Having found the right heroes, one can become more like them gradually if one not only studies them relentlessly, but also tries to model their behavior.  For example, it is effective to ask oneself:  “What would Warren Buffett do if he were in my shoes right now?  What would Charlie Munger do?  What would Marcus Aurelius do?”

This is a surprisingly powerful principle: modeling the right heroes.  It can work just as well with eminent dead people, as Munger has pointed out.  One can relentlessly study and then model Socrates or Jesus, Epictetus or Seneca, Washington or Lincoln.  With enough studying and enough effort to copy / model, one’s behavior will gradually improve to be more like that of one’s chosen heroes.

 

ENVIRONMENT TRUMPS INTELLECT

Our minds are not strong enough on their own to overcome the environment:

… I felt that my mind was in Omaha, and I believed that I could use the force of my intellect to rise above my environment.  But I was wrong: as I gradually discovered, our environment is much stronger than our intellect.  Remarkably few investors—either amateur or professional—truly understand this critical point.  Great investors like Warren Buffett (who left New York and returned to Omaha) and Sir John Templeton (who settled in the Bahamas) clearly grasped this idea, which took me much longer to learn.

For long-term value investors, the farther away from Wall Street one is, the easier it is to master the skills of patience, rationality, and independent thinking.

 

CAUSES OF MISJUDGMENT

Charlie Munger gave a talk in 1995 at Harvard on 24 causes of misjudgment.  At the time, as Spier writes, this worldly wisdom—combining powerful psychology with economics and business—was not available anywhere else.  Munger’s talk provides deep insight into human behavior.  Link to speech: http://www.rbcpa.com/mungerspeech_june_95.pdf

Decades of experiments by Daniel Kahneman, Amos Tversky, and others have shown that humans have two mental systems: an intuitive system that operates automatically (and subconsciously) and a reasoning system that requires conscious effort.  Through years of focused training involving timely feedback, some people can train themselves to regularly overcome their subconscious and automatic biases through the correct use of logic, math, or statistics.

But the biases never disappear.  Even Kahneman admits that, despite his deep knowledge of biases, he is still automatically “wildly overconfident” unless he makes the conscious effort to slow down and to use his reasoning system.

 

LUNCH WITH WARREN

Guy Spier and Mohnish Pabrai had the winning bid for lunch with Warren Buffett—the proceeds go to GLIDE, a charity.

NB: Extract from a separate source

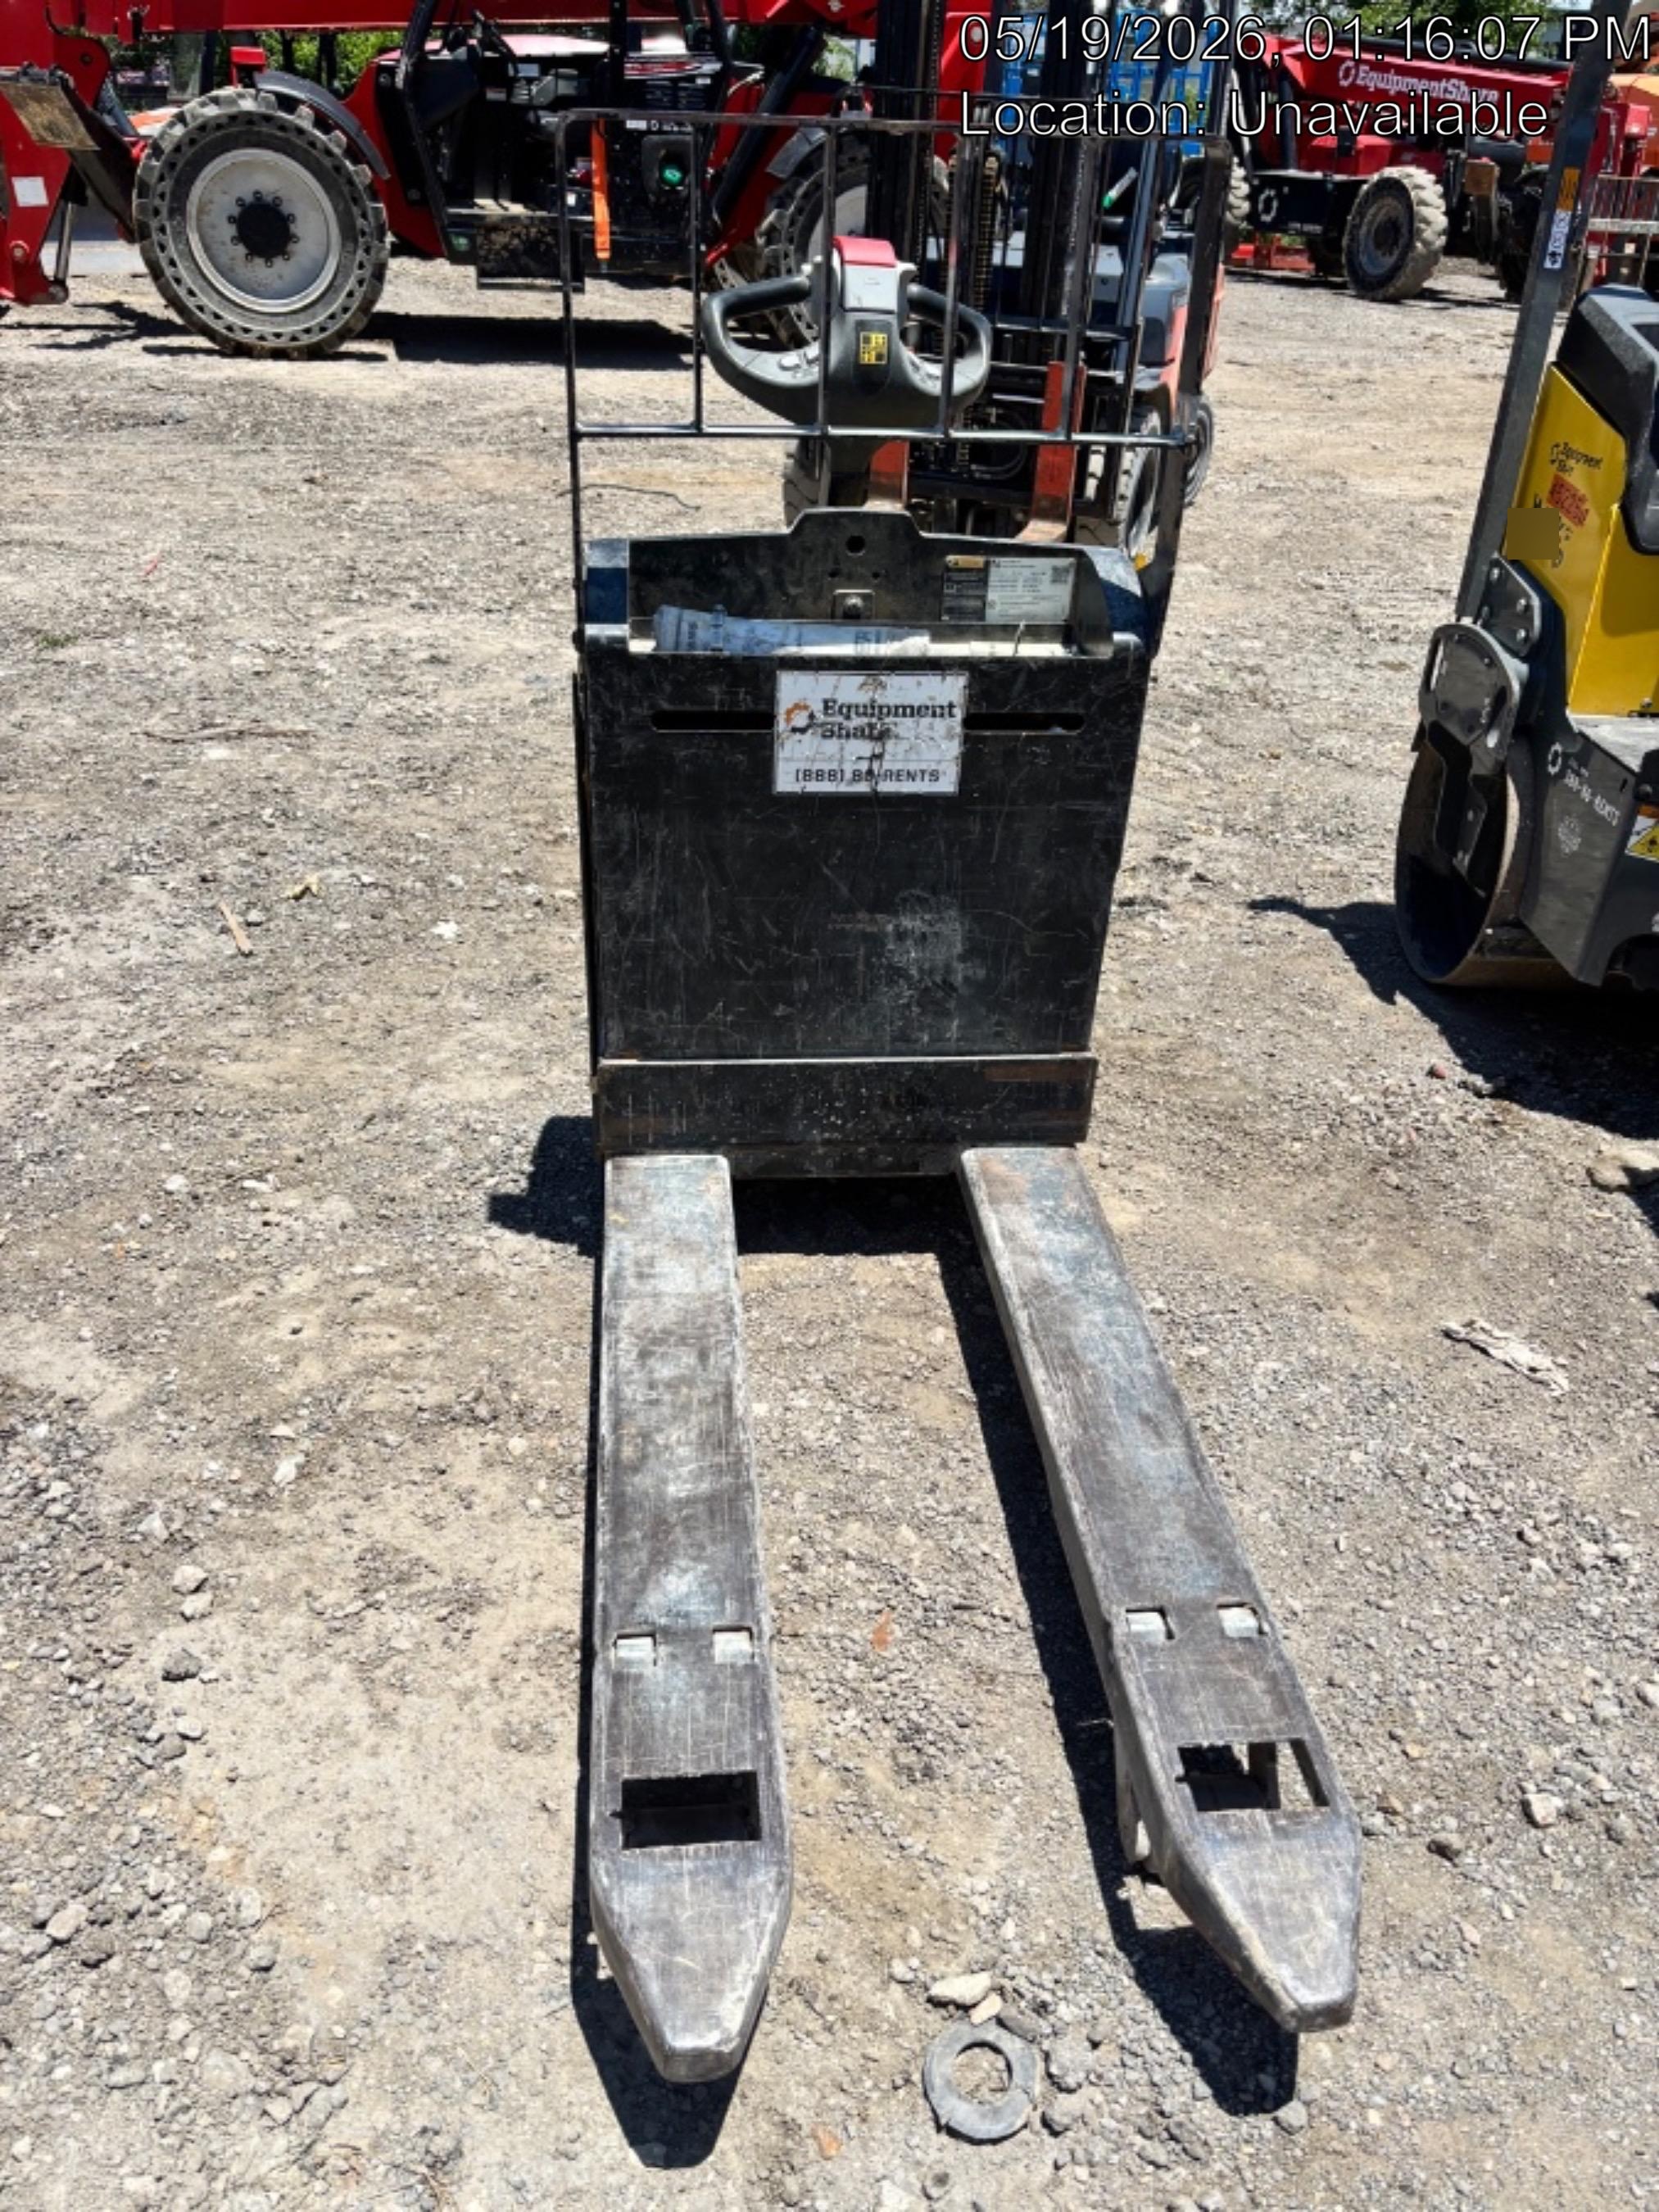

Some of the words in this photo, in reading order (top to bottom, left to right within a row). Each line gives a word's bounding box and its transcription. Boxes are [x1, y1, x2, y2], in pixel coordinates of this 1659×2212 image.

One thing Spier learned—directly and indirectly—from lunch with Warren is that the more one genuinely tries to help others, the happier life becomes.  Writes Spier:

As I hope you can see from my experience, when your consciousness or mental attitude shifts, remarkable things begin to happen.  That shift is the ultimate business tool and life tool.

At the lunch, Warren repeated a crucial lesson:

It’s very important always to live your life by an inner scorecard, not an outer scorecard.

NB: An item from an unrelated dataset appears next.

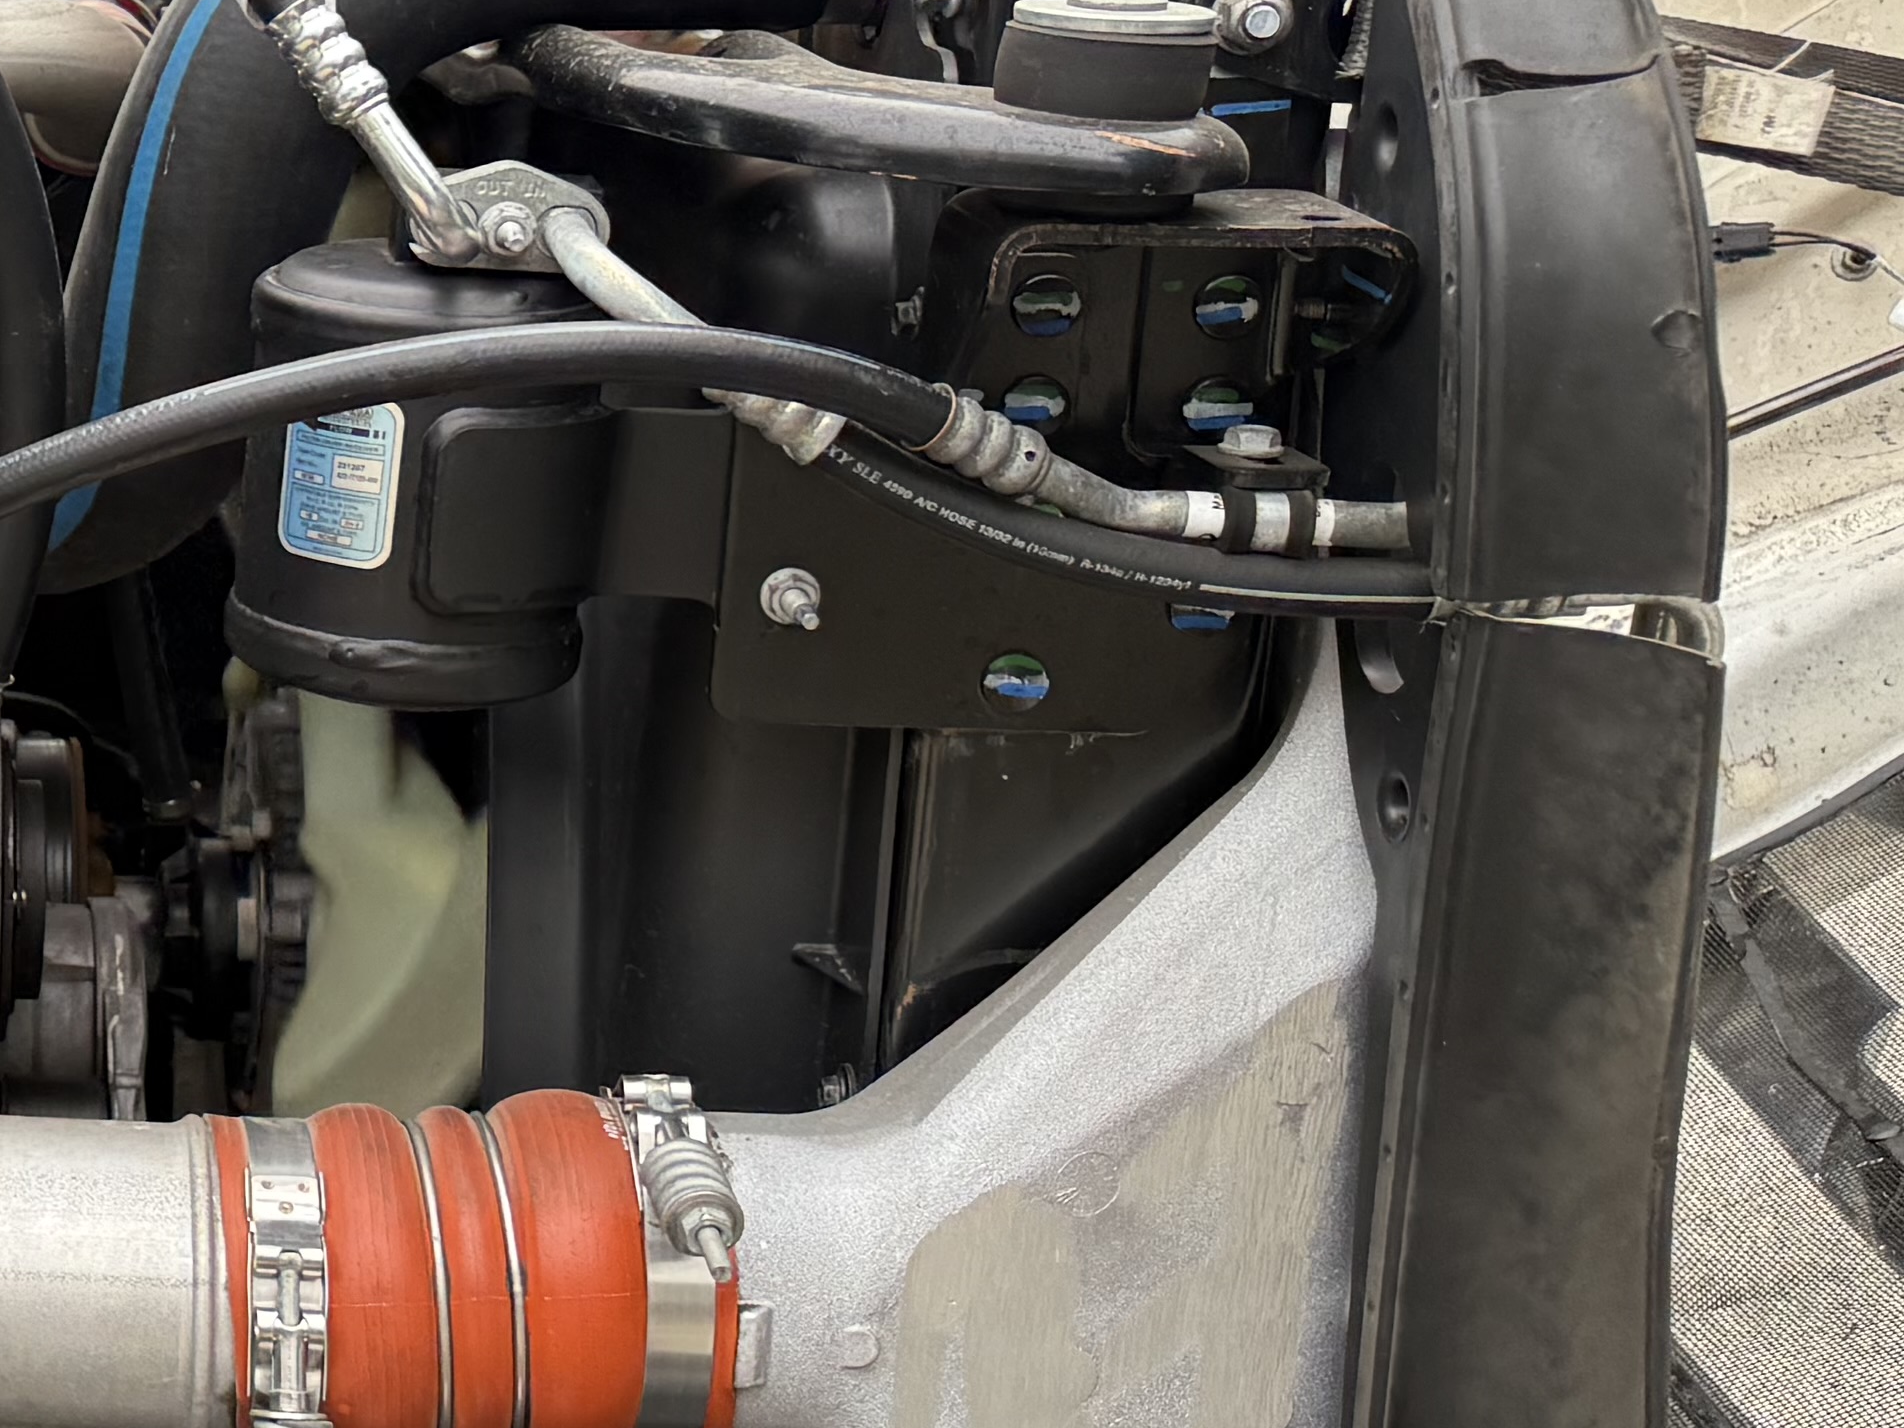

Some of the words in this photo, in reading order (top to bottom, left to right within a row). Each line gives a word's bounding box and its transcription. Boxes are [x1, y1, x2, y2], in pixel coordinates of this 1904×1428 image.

[477, 180, 514, 196] OUT
[852, 462, 883, 486] SLE
[913, 495, 939, 513] A/C
[938, 505, 977, 531] HOSE

In other words, it is essential to live in accord with what one knows at one’s core to be right, and never be swayed by external forces such as peer pressure.  Buffett pointed out that too often people justify misguided or wrong actions by reassuring themselves that ‘everyone else is doing it.’

Moreover, Buffett said:

People will always stop you from doing the right thing if it’s unconventional.

Spier asked Buffett if it gets easier to do the right thing.  After pausing for a moment, Buffett said: ‘A little.’

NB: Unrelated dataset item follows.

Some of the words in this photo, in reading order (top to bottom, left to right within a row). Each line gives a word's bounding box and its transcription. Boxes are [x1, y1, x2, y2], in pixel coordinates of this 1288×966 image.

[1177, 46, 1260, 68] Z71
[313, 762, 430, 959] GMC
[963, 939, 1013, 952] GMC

Buffett also stressed the virtue of patience when it comes to investing:

If you’re even a slightly above average investor who spends less than you earn, over a lifetime you cannot help but get very wealthy—if you’re patient.

Spier realized that he could learn to copy many of the successful behaviors of Warren Buffett, but that he could never be Warren Buffett.  Spier observes that what he learned from Warren was to become the best and most authentic version of Guy Spier.

 

HANDLING ADVERSITY

One effective way Spier learned to deal with adversity was by:

…studying heroes of mine who had successfully handled adversity, then imagining that they were by my side so that I could model their attitudes and behavior.  One historical figure I used in this way was the Roman emperor and Stoic philosopher Marcus Aurelius.  At night, I read excerpts from his Meditations.  He wrote of the need to welcome adversity with gratitude as an opportunity to prove one’s courage, fortitude, and resilience.  I found this particularly helpful at a time when I couldn’t allow myself to become fearful.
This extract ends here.